La baisse de taux affecte en effet la structure de l'épargne plus que son niveau. Elle va orienter les placements vers les supports les plus liquides et non rémunérés, au détriment de placements plus longs ou plus risqués qui ne rapportent pas ou peu et dont le risque de dépréciation est fort en cas de remontée des taux. C'est précisément ce que nous dit l'approche keynésienne : le taux d'épargne, est peu manipulable. Il dépend de facteurs sociologiques et psychologiques. Et cette préférence pour la liquidité ou pour le faible risque est bien perceptible aujourd'hui en France :  il y a eu dans les premiers temps de la crise en grand repli de l'assurance vie vers les comptes d'épargne administrés... et maintenant un grand repli vers les comptes à vue, et un retour en grâce de l'assurance vie qui offre les moins mauvais rendements, au détriment de la détention directe de titres et comptes sur livret qui ne rapportent presque plus.

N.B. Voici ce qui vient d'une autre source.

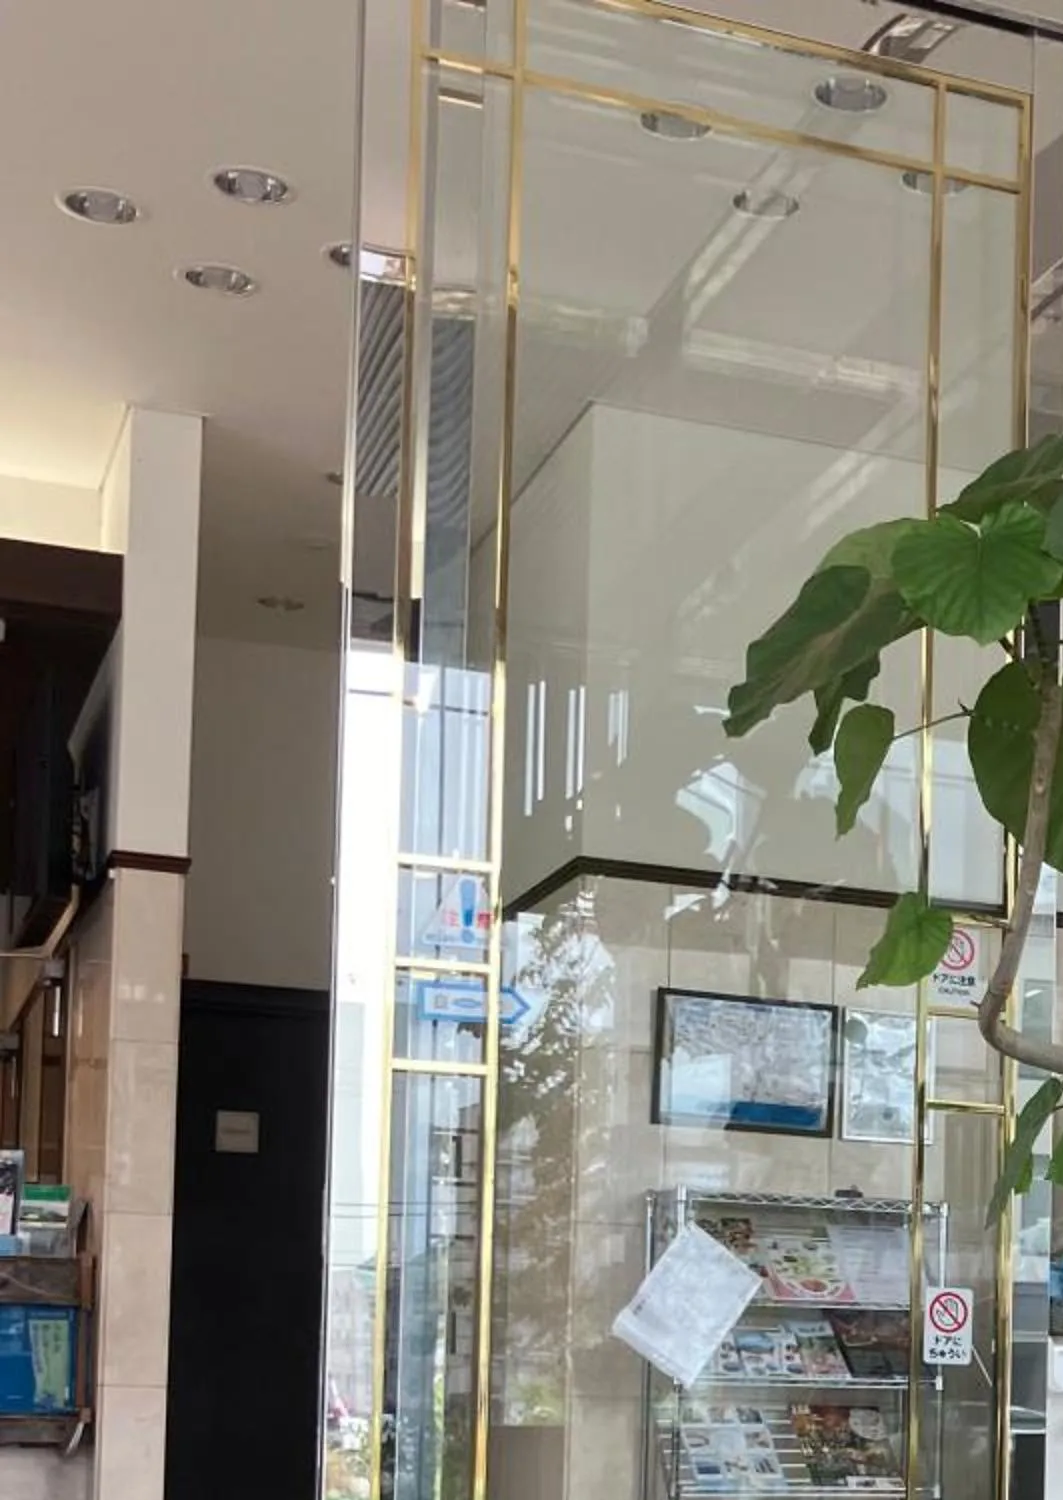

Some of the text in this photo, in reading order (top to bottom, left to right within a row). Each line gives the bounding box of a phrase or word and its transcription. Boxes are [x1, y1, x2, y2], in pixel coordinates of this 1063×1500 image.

[934, 1335, 963, 1346] ドアに
[929, 1347, 967, 1359] ちゅうい

Epargne financière ou épargne pierre

La baisse des taux devrait là encore agir sur la structure de l'épargne plus que sur son montant global, en favorisant le second compartiment. Sauf que là, les choses ne se passent pas comme prévu. Car il ne suffit pas d'avoir des taux faibles : les perspectives de prix futurs et les rendements locatifs sont aussi des paramètres clés. Or avec des taux très faibles, les prix sont élevés, leur trajectoire future incertaine et les rendements locatifs tirés vers le bas... Les ménages préfèrent de la sorte la liquidité.

Les effets de richesse et les effets de revenus

Ces derniers n'ont joué que pour restaurer ou maintenir la valeur des actifs de leurs cours d'avant crise.  Et ils sont sujet à une forte volatilité dans un contexte de taux zéro... peu de choses à attendre donc sur la consommation ou l'investissement de ce point de vue.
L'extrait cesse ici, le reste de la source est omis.